Santuario della Bastia

Il Santuario della Bastia sorge nella località omonima, su un rialzo ai margini della depressione valliva del Tartaro, isolato fra il verde delle colture. Il suo nome è certamente da mettersi in relazione coll’esistenza di una “bastita”, cioè un riparo difensivo per le popolazioni rurali, eretto nel ‘400 e presto caduto in disuso. Una scritta sulla sinistra del portale reca il nome dei costruttori, o dei committenti, e l’anno di costruzione: CHEBIZO WARIENTO ET ANNO A.D. MCXXVI HOC OPUS FECERUNT. Dal 1700 fu giuspatronato della famiglia Pantei di Bovolone. E’ a navata unica con pianta liturgicamente orientata a mattina. Il pinnacolo del campanile venne fatto costruire negli anni ’50 dall’allora Abate Mons. Fontana
L’interno presenta il soffitto a capriate e tre altari; entrando a destra è collocata una acquasantiera in marmo rosso su colonna proveniente dalla chiesa parrocchiale. 

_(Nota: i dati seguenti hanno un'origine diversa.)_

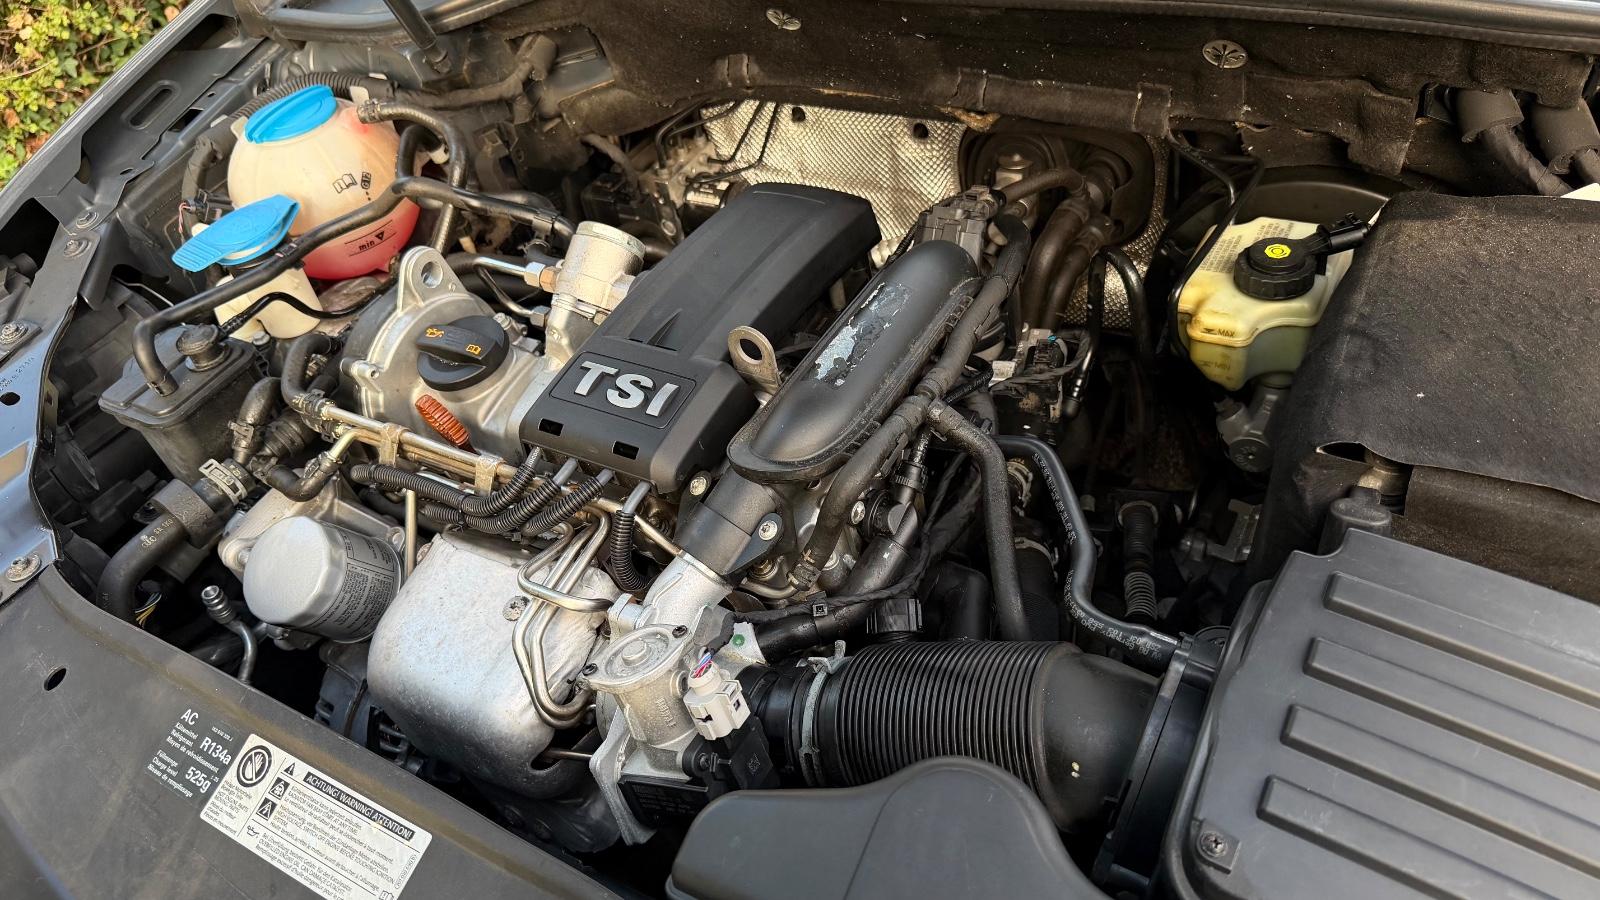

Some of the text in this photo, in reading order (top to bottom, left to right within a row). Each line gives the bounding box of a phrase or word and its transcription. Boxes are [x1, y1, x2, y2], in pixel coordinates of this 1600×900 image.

Nel volume Isola della Scala. Territorio e società rurale nella media pianura veronese, a cura di B. Chiappa, l’architetto Arturo Sandrini, nella scheda Testimonianze romaniche: la chiesa della Bastia, pp. 63-67, ha realizzato un’attento studio delle tecniche costruttive ed ha effettuato dei rilievi stratigrafico-murari che gli hanno consentito di riconoscere le varie fasi trasformative dell’edificio. Da questa analisi è risultato che la chiesa era dotata di un ingresso con protiro pensile probabilmente tolto quando venne aggiunto il rosone. Le due finestre laterali con cornici lisce in tufo sono del XVIII secolo. Sopra il rosone vi era la probabile presenza di una bifora. Sul lato nord è presente un’edicola a circa due metri d’altezza che altro non è che il protiro pensile di un accesso laterale ora tamponato. Il campanile attuale è novecentesco ma i grossi conci in pietra alla base fanno pensare che vi fosse un campanile romanico. L’interno era tripartito, probabilmente suddiviso all’interno da colonne. Sulla base di queste analisi abbiamo realizzato una ricostruzione digitale di come doveva essere in origine il Santuario.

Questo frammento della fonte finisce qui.